Explaining the Joker’s Minimal But Crucial Role in Birds of Prey

3 minute read

Harley Quinn gets her own supervillain spinoff with Birds of Prey (And the Fantabulous Emancipation of One Harley Quinn). But her longtime paramour, the Joker, doesn’t join her onscreen for the movie. The two break up in the opening minutes. Harley (Margot Robbie, reprising her Suicide Squad role) talks about “Mr. J” a lot. And he taunts her in a voiceover. But he never actually appears in the flesh.

That may come as a surprise to longtime DC Comics fans.
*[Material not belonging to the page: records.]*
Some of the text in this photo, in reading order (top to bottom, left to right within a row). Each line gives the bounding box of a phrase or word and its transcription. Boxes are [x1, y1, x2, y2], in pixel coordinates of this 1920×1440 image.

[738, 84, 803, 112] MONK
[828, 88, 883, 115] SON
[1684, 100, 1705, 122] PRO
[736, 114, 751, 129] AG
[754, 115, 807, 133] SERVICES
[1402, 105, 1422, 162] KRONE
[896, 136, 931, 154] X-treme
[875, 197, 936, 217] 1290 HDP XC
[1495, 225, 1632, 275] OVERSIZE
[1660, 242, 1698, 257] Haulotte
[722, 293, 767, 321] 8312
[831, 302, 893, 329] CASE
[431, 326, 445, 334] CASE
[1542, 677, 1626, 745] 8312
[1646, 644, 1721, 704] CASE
Harley Quinn has long been entangled in a toxic relationship with the Joker, in the Batman TV series, comics and video games. And the two were thick as thieves in David Ayer’s 2016 supervillain movie Suicide Squad.
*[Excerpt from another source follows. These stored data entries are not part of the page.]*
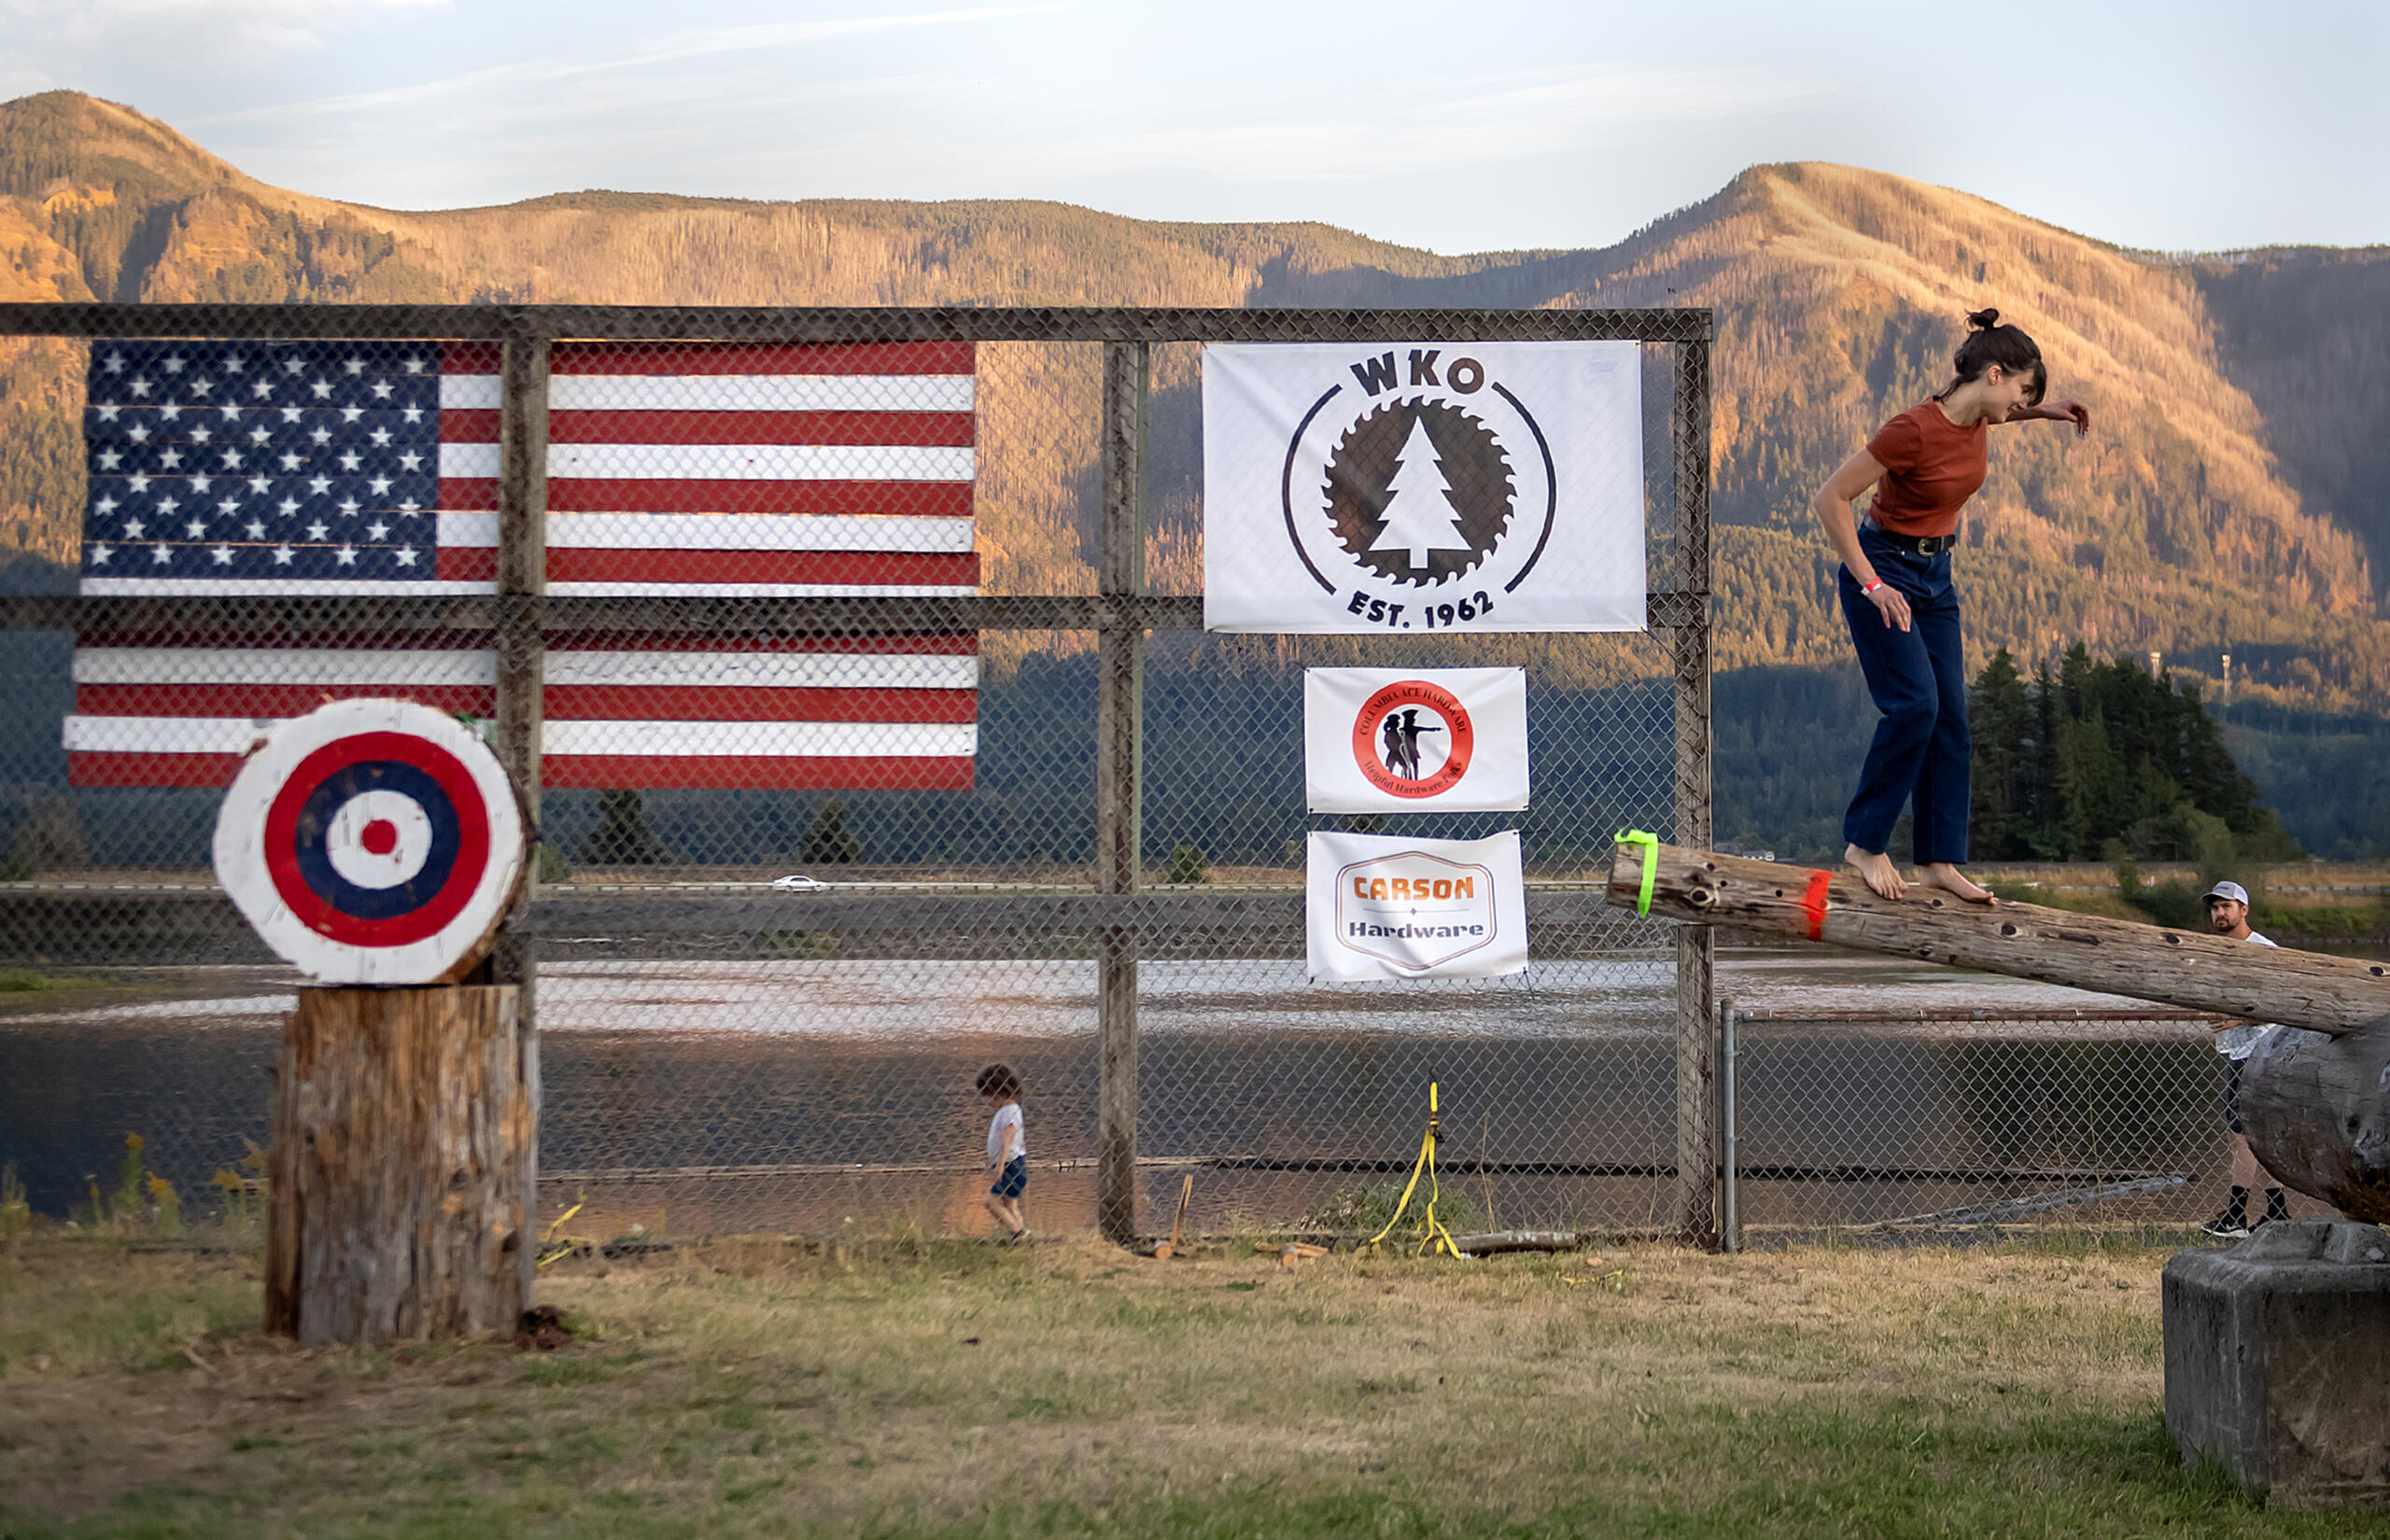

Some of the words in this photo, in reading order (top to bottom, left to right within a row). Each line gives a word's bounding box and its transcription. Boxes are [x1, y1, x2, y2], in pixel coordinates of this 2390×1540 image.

[1350, 349, 1484, 396] WKO
[1347, 590, 1410, 628] EST.
[1425, 591, 1494, 628] 1962
[1359, 691, 1399, 735] COLUMBIA
[1401, 687, 1421, 697] ACE
[1423, 689, 1467, 734] HARDWARE
[1364, 761, 1394, 789] Helpful
[1396, 781, 1442, 794] Hardware
[1442, 761, 1463, 785] Folks
[1354, 875, 1474, 901] CARSON
[1349, 921, 1483, 939] Hardware
But that version of the Joker left a lot to be desired. Leto hyped the appearance for months before the film’s debut, telling reporters he sent dead rodents and used condoms to his costars’ trailers to get into character. But in the end, the Joker was largely cut out of the final edit of the film. The few scenes he was in lacked subtlety, to say the least: The guy had “damaged” tattooed across his forehead, just in case you forgot that he is bad. A fan favorite, he was not. So perhaps it’s not shocking that he was not asked to appear in Birds of Prey.

But the Joker and Harley Quinn’s relationship in Suicide Squad — and across the DC canon — also feels rather problematic in the post-#MeToo era. Joker is physically and emotionally abusive towards Harley. He once quipped in the popular Batman video game Arkham Knight that “slapping around Harley” was his “hobby.” Considering that Birds of Prey is being billed as a film about female empowerment, there was simply no place for the Joker in Harley’s ongoing story.

Birds of Prey
(L-r) Margot Robbie as Harley Quinn, Chris Messina as Victor Zsasz and Ewan McGregor as Roman Sionis in 'Birds of Prey (And The Fantabulous Emancipation of Harley Quinn.'Claudette Barius—Warner Bros.
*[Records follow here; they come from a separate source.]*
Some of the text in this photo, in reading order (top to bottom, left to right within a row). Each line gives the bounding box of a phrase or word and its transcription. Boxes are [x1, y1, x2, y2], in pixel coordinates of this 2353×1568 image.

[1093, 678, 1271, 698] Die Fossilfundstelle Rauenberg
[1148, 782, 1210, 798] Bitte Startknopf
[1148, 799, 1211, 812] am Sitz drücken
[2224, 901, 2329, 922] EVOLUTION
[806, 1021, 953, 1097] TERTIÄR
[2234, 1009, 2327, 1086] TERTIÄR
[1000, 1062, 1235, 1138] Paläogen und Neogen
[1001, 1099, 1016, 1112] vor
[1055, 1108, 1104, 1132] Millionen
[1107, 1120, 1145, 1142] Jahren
That said, Birds of Prey’s plot does revolve, at least nominally, around the Joker. The film is subtitled “The Fantabulous Emancipation of One Harley Quinn” for a reason. The movie replays old breakup cliches: Harley cuts her hair, eats ice cream straight from the carton and adopts a pet hyena so she won’t get lonely. She has to learn to be her own villain, outside of the Joker’s reach and no longer under his protection.

Even as Harley faces off against another villain, Ewan McGregor’s Roman Sionis — one who likes cutting off people’s faces for kicks — she still hears threats in the voice of the Joker. She hears the Joker telling her she’s no good. Her past haunts her. Hopefully the Birds of Prey sequel — if Warner Bros. greenlights such a project — will see Harley truly and finally free of that man, his voice included.